Memory leak during btree(agtype)
Describe the bug A clear and concise description of what the bug is.
I found this bug when I try to build a BTree index on a vertex table and got an OOM. Luckily I'm able to reproduce it and locate the bug.
The memory leak is during BTree building, when calling compare_agtype_containers_orderability function. Inside the function, it calls agtype_iterator_next and thenfill_agtype_value to grab the value of an iterater into an agtype_value variable. And it calls pnstrdup, which pallocs memory.
if (AGTE_IS_NULL(entry))
{
result->type = AGTV_NULL;
}
else if (AGTE_IS_STRING(entry))
{
char *string_val;
int string_len;
result->type = AGTV_STRING;
/* get the position and length of the string */
string_val = base_addr + offset;
string_len = get_agtype_length(container, index);
/* we need to do a deep copy of the string value */
result->val.string.val = pnstrdup(string_val, string_len);
result->val.string.len = string_len;
Assert(result->val.string.len >= 0);
}
else if (AGTE_IS_NUMERIC(entry))
{
Numeric numeric;
Numeric numeric_copy;
result->type = AGTV_NUMERIC;
/* we need to do a deep copy here */
numeric = (Numeric)(base_addr + INTALIGN(offset));
numeric_copy = (Numeric) palloc(VARSIZE(numeric));
memcpy(numeric_copy, numeric, VARSIZE(numeric));
result->val.numeric = numeric_copy;
}
The palloced memory is not released in the compare_agtype_containers_orderability, which result in OOMs.

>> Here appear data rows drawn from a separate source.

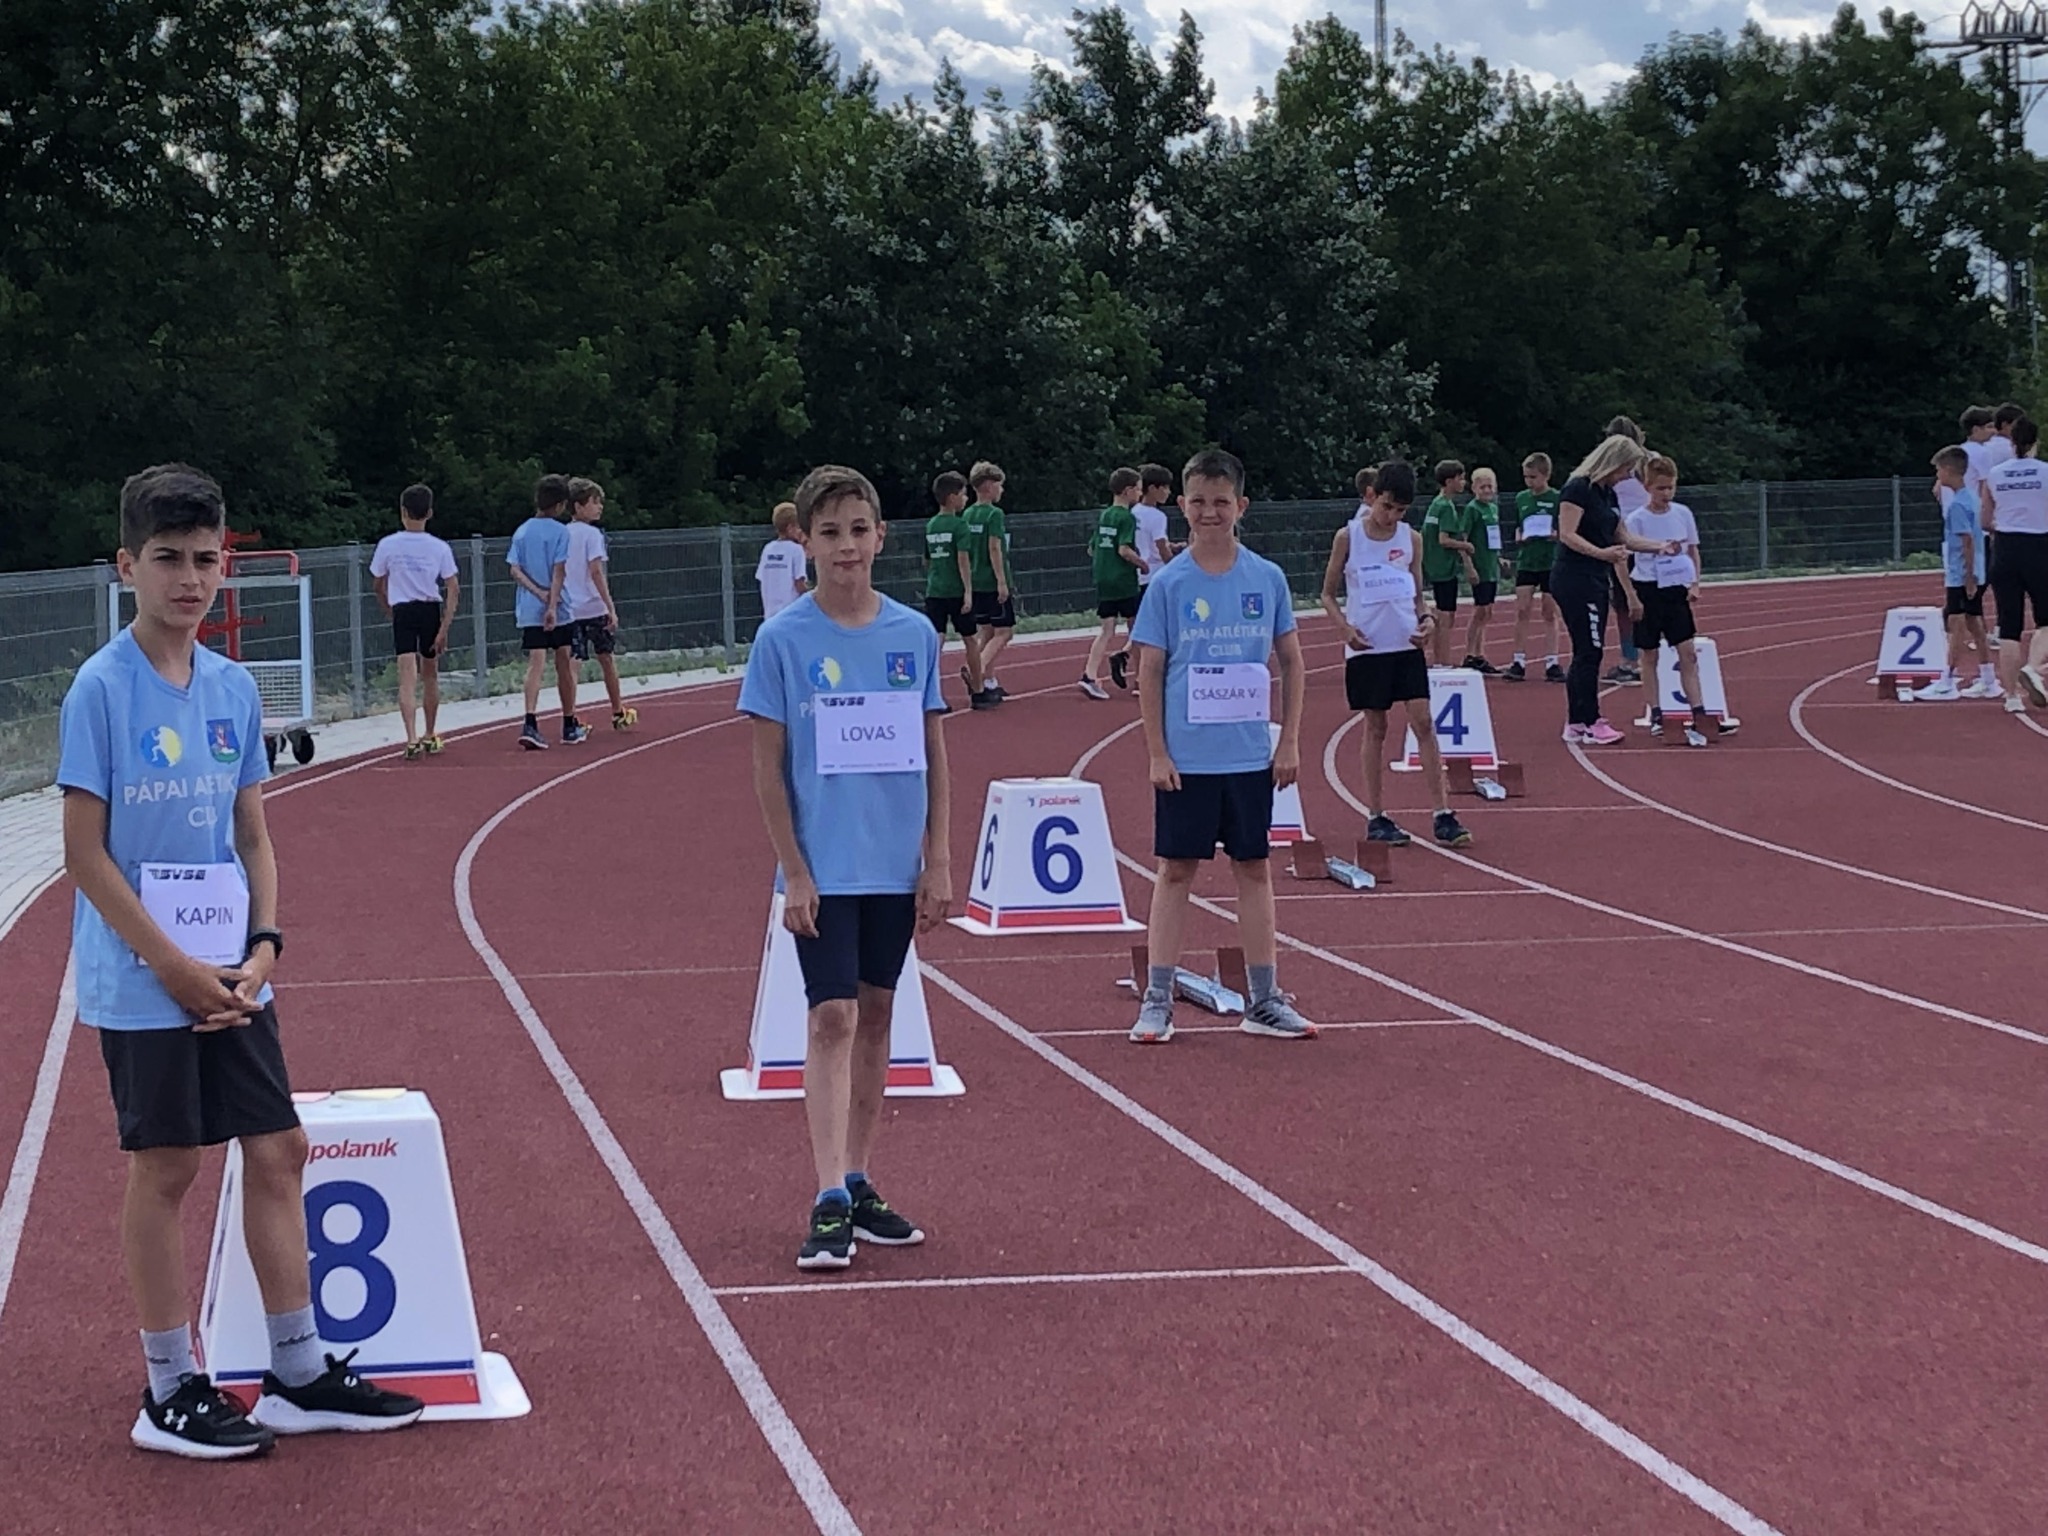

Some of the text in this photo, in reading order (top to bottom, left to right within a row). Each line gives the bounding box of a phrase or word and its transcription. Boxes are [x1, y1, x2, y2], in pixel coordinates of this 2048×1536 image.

[1898, 625, 1925, 665] 2
[841, 724, 897, 742] LOVAS
[1434, 692, 1470, 746] 4
[123, 776, 189, 806] PÁPAI
[981, 813, 999, 892] 6
[1031, 814, 1084, 895] 6
[175, 906, 234, 926] KAPIN
[308, 1137, 399, 1165] polanik
[303, 1179, 397, 1344] 8

How are you accessing AGE (Command line, driver, etc.)?
- [e.g. JDBC] psql
What data setup do we need to do? nope
What is the necessary configuration info needed?
- [e.g. Installed PostGIS] nope
What is the command that caused the error?

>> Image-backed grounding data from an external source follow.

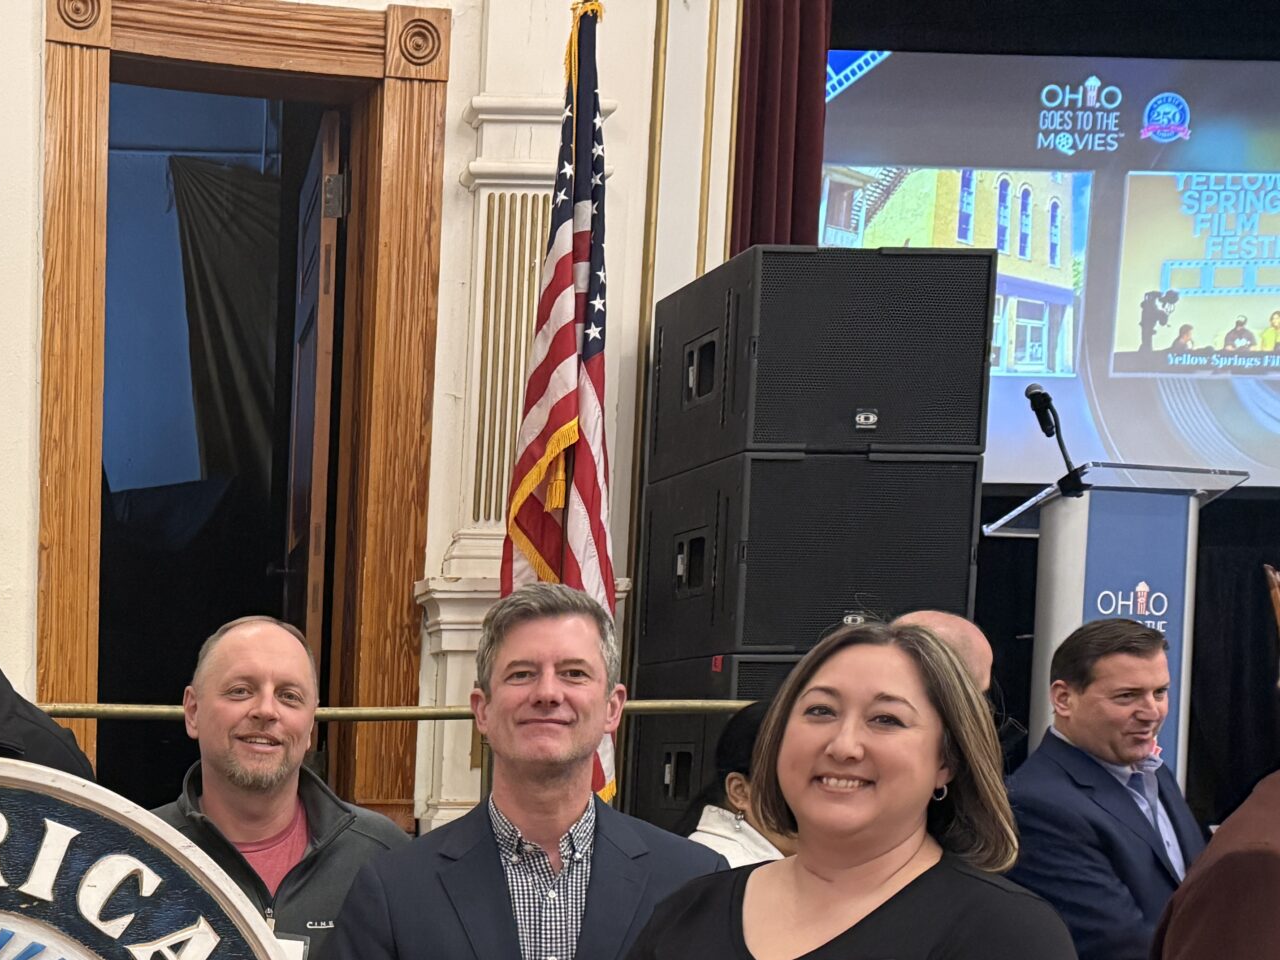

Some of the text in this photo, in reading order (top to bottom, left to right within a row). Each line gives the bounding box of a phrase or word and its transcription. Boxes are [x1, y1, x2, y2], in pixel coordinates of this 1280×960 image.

[1039, 110, 1120, 131] GOES TO THE
[1150, 110, 1184, 126] 250
[1037, 132, 1119, 156] MOVIES
[1193, 213, 1260, 237] FILM
[1167, 353, 1208, 366] Yellow
[1211, 353, 1261, 369] Springs

It is easy to reproduce this problem. Just build a btree on a large agtype column.
CREATE TABLE test(num agtype);
INSERT INTO test SELECT ('{"id": "'||a||'"}')::agtype FROM generate_series(1,100000000) a;
CREATE INDEX ON test USING btree(num);
And it will fastly take ~100G memory.
Expected behavior A clear and concise description of what you expected to happen.

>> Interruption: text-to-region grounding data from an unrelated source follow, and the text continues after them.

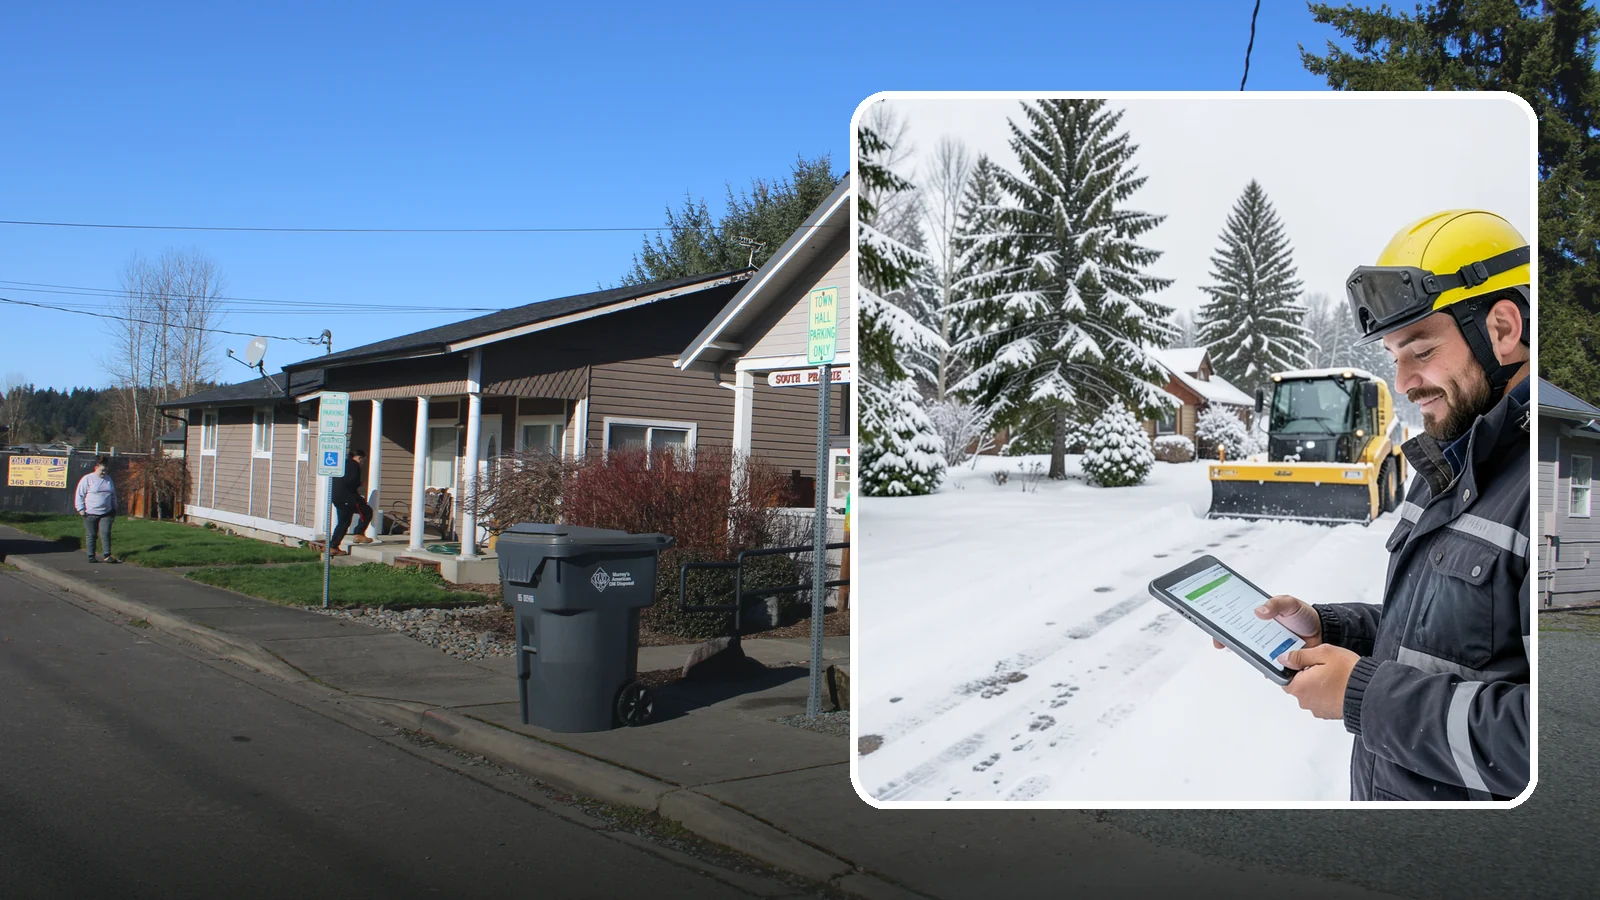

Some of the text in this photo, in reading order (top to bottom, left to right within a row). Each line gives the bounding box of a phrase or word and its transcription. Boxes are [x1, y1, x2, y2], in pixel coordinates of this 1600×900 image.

[815, 295, 832, 308] TOWN
[815, 312, 831, 324] HALL
[810, 326, 836, 340] PARKING
[814, 344, 830, 356] ONLY
[776, 374, 801, 384] SOUTH

Environment (please complete the following information):
- Version: [e.g. 0.4.0]
Additional context Add any other context about the problem here.
I can fix this problem by modifying agtype_utils.c in the following steps:
- I pfree the agtype_value before exit
switch (va.type)
{
case AGTV_STRING:
case AGTV_NULL:
case AGTV_NUMERIC:
case AGTV_BOOL:
case AGTV_INTEGER:
case AGTV_FLOAT:
case AGTV_EDGE:
case AGTV_VERTEX:
case AGTV_PATH:
res = compare_agtype_scalar_values(&va, &vb);
pfree_agtype_value_content(&va);
pfree_agtype_value_content(&vb);
break;
...
...
- I ask the
pfree_agtype_value_contentto pfree the duplicated string
switch (value->type)
{
case AGTV_NUMERIC:
pfree(value->val.numeric);
break;
case AGTV_STRING:
/*
* The char pointer (val.string.val) is not free'd because
* it is not allocated by an agtype helper function.
*/
pfree(value->val.string.val);
break;
...
...
And then the memory leak is solved. However, It causes other problems. For example, in create_agtype_from_list, it use key_agtype = string_to_agtype_value("__id__");, and the string cannot be pfreed.
According to the code, i think the numeric type also have the same problem. I think maybe we have to create a new function called unfill_agtype_value to pfree the memory allocated for string and numeric type. But I'm not sure whether it have other side effects...
So i publish this bug report and hope somebody with more knowledge on this repo can fix this problem or tell me how to safely fix it.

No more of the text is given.